In questi giorni la redazione si è sparpagliata nelle case di tutti noi: ecco allora i dispacci dalle sedi distaccate di SUR, che mai come adesso si sente una CASA editrice. Oggi scrive Giulia Zavagna, editor e redattrice.
Cari lettori,
l’hanno detto tutti, già detestiamo l’espressione eppure non possiamo fare a meno di pensarlo: questo è un tempo sospeso. Vorrei continuare a parlarvi delle uscite che stiamo progettando, dei libri a cui stiamo lavorando, ma non è semplice farlo senza avere alcuna certezza di quando riprenderemo effettivamente le pubblicazioni.
C’è però qualcosa che possiamo fare, che di fatto facciamo ogni volta che ci troviamo a prendere una nuova decisione: tornare al catalogo. La cosa più bella per ogni editore è forse la possibilità di costruire, anno dopo anno, un percorso, una lista dalla quale non ci stanchiamo di attingere, una sorta di punto di riferimento, che rappresenta il nostro lavoro e rimane, si spera, sempre molto oltre la corsa all’ultima novità.
Così ho deciso di affidarmi proprio a quel catalogo, e di parlarvi di uno degli autori SUR a cui sono più legata: Juan Carlos Onetti.
Quando ho letto il suo Raccattacadaveri, ormai più di dieci anni fa, ho subito avuto la sensazione di trovarmi di fronte a qualcosa che mi sarebbe rimasto in testa a lungo. Chi se la scorda quella scena iniziale con le tre donne che arrivano in treno a Santa María? E come dimenticare la storia di Larsen, la sua parabola di trionfo e declino, i messaggi anonimi che corrono veloci per tutta la città, segnando per sempre la sua sventura? Come dimenticare il profumo dei gelsomini?
Ripensandoci, credo sia stato proprio questo libro a farmi pensare per la prima volta che avrei voluto occuparmi di letteratura latinoamericana: per tutta la vita che ci ho trovato dentro, per la lingua meravigliosa, per il racconto che, dall’Uruguay, Onetti faceva dell’umanità tutta.

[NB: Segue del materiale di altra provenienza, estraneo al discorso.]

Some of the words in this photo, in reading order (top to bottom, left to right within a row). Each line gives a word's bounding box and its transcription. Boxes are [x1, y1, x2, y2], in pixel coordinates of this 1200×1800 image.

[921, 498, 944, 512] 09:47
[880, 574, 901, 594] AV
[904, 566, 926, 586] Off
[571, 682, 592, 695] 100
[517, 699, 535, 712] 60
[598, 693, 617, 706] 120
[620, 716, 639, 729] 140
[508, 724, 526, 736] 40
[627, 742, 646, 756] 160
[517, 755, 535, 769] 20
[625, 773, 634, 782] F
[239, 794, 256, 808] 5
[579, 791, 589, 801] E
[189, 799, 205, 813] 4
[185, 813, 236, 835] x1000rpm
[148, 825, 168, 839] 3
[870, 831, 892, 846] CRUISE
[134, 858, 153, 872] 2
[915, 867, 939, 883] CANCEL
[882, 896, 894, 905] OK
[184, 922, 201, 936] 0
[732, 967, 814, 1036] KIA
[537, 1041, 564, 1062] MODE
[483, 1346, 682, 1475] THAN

È stato uno dei primi autori latinoamericani che ho letto, e da allora non ho più smesso. Né ho smesso di interessarmi a Onetti, al suo occhio infallibile per la miseria umana, alla sua prosa densissima e squarciata a tratti di una luminosità così potente da lasciarti stupefatto. Eccone un piccolo assaggio:
Sono le undici di sera; percorro a occhi chiusi il corridoio buio, ascolto ansiosamente la pioggia, ormai molto leggera. Esco fuori e la riascolto sugli alberi del giardino, tiro in lungo per far passare il tempo, per arrivare tardi all’appuntamento, perché lei possa pensare che mi perderà. Non cerco di aumentare la sua pazzia o la sua freddezza, ho paura che crescano troppo, che lei non le possa sopportare e che arrivi a spiegare tutto, a sostituire con qualcosa di concreto, di permanente, quest’assurdo notturno, rituale, nel quale mi è possibile restarmene comodo, incrostarmi senza capire.

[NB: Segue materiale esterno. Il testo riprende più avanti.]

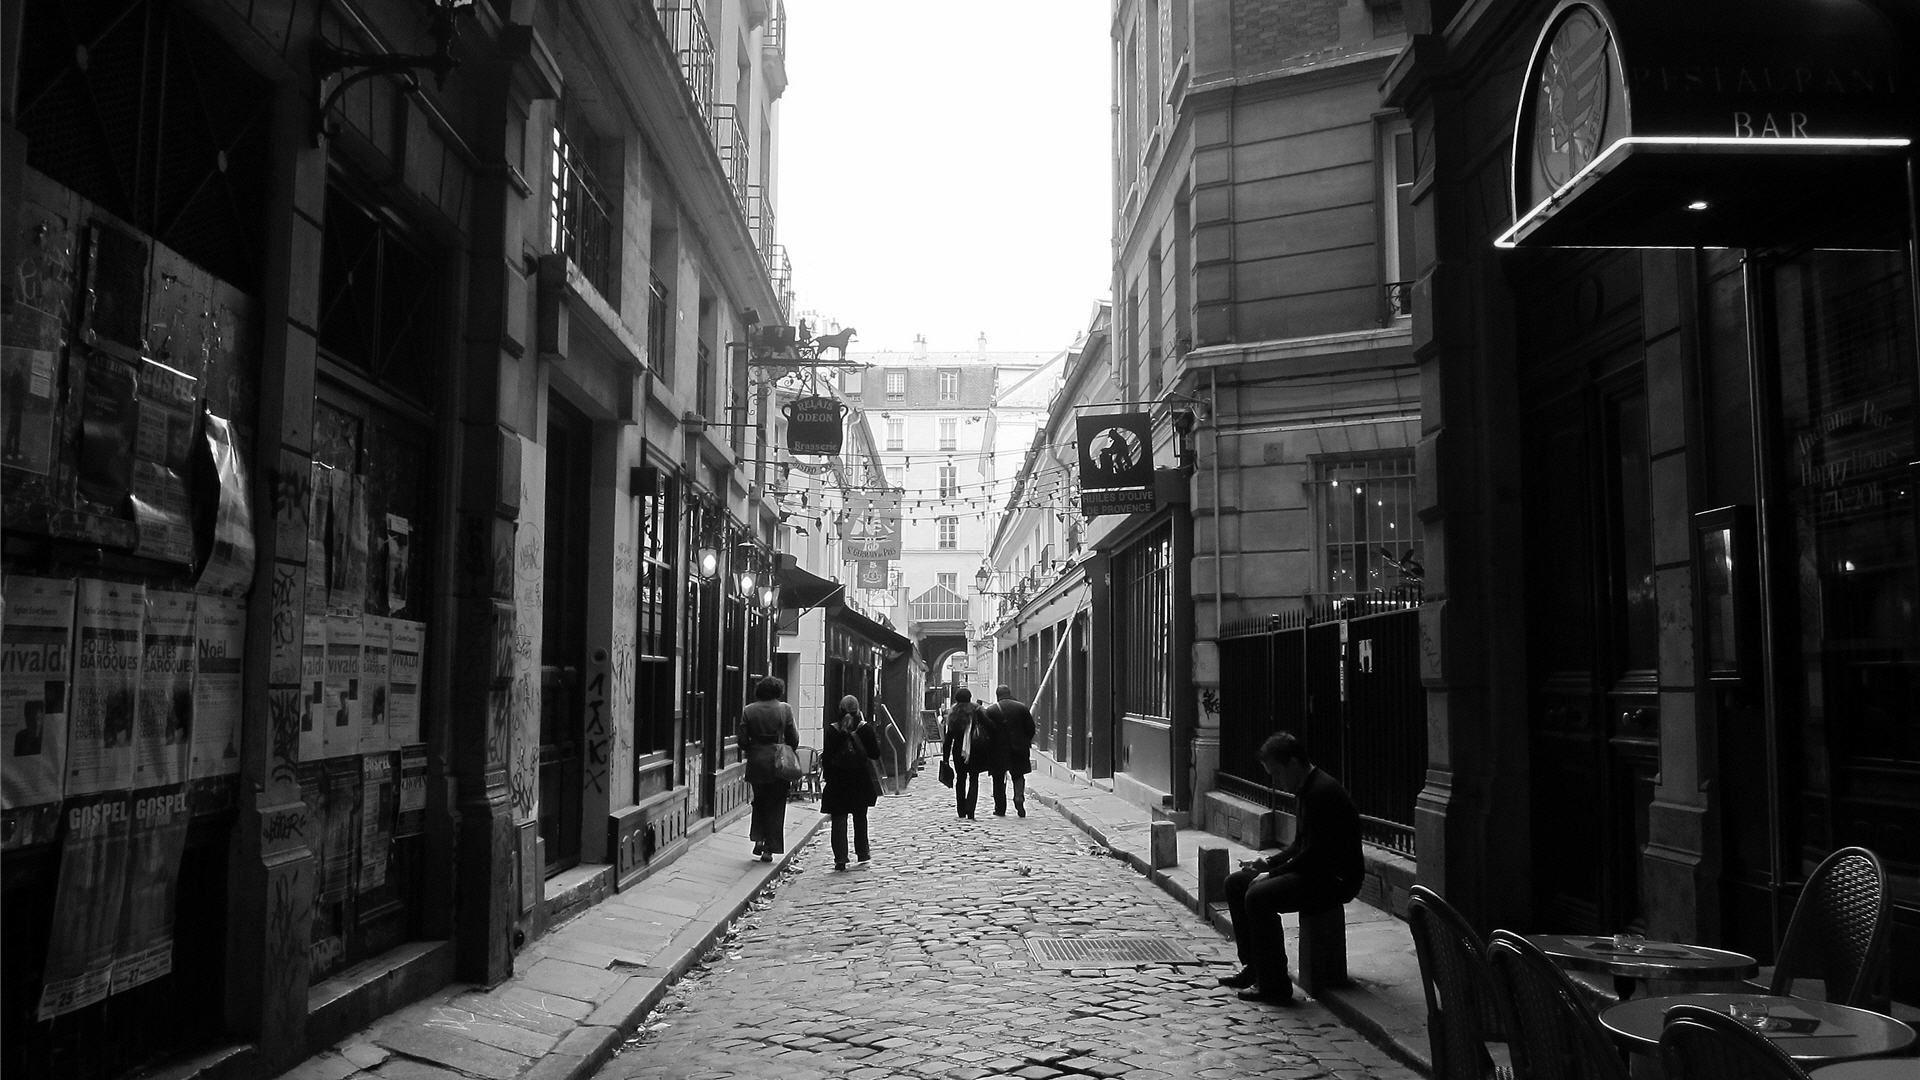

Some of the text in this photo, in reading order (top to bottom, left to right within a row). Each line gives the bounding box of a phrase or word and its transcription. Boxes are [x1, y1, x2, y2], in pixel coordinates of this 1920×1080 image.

[1734, 112, 1809, 139] BAR
[796, 398, 834, 411] RELAIS
[796, 412, 834, 423] ODEON
[794, 441, 838, 451] Brasserie
[1800, 448, 1897, 490] Happy Hours
[1082, 491, 1153, 503] HUILES D'OLIVE
[1086, 503, 1151, 515] DE PROVENCE
[82, 639, 118, 656] FOLIES
[198, 638, 227, 659] Noël
[1, 643, 67, 673] vivaldi
[80, 654, 138, 671] BAROQUES
[136, 792, 188, 820] GOSPEL
[68, 800, 129, 831] GOSPEL

Voglio soltanto farle capire che la sua esistenza non è indispensabile alla mia; che io sono io, Jorge, non lei né il suo gioco. Io sono io, questo essere, questo loro «ragazzino», triste, diverso, incerto e saldo quanto nessuno di loro potrebbe mai sospettare; così discosto e così incombente su tutti loro. Io sono costui che guardo vivere e fare, con simpatia, senza amore eccessivo; io sono costui con la pazienza cortese e inesauribile nei confronti di ognuna delle commedie tediose e senza spirito nelle quali loro si ostinano a complicarsi per far sì che gli riesca intelligibile, per preservarsi dalle novità e dalle diffidenze. Cammino in un giardino curato e umido, mi lascio bagnare il viso dalla pioggia che non spiega nulla, penso oscenità distratte, guardo la luce della finestra dei miei. Non voglio imparare a vivere, ma scoprire la vita una volta e per sempre. Giudico con passione e vergogna, non posso impedirmi di giudicare; tossisco e sputo verso il profumo dei fiori e della terra, ricordo la condanna e l’orgoglio di non partecipare alle loro azioni.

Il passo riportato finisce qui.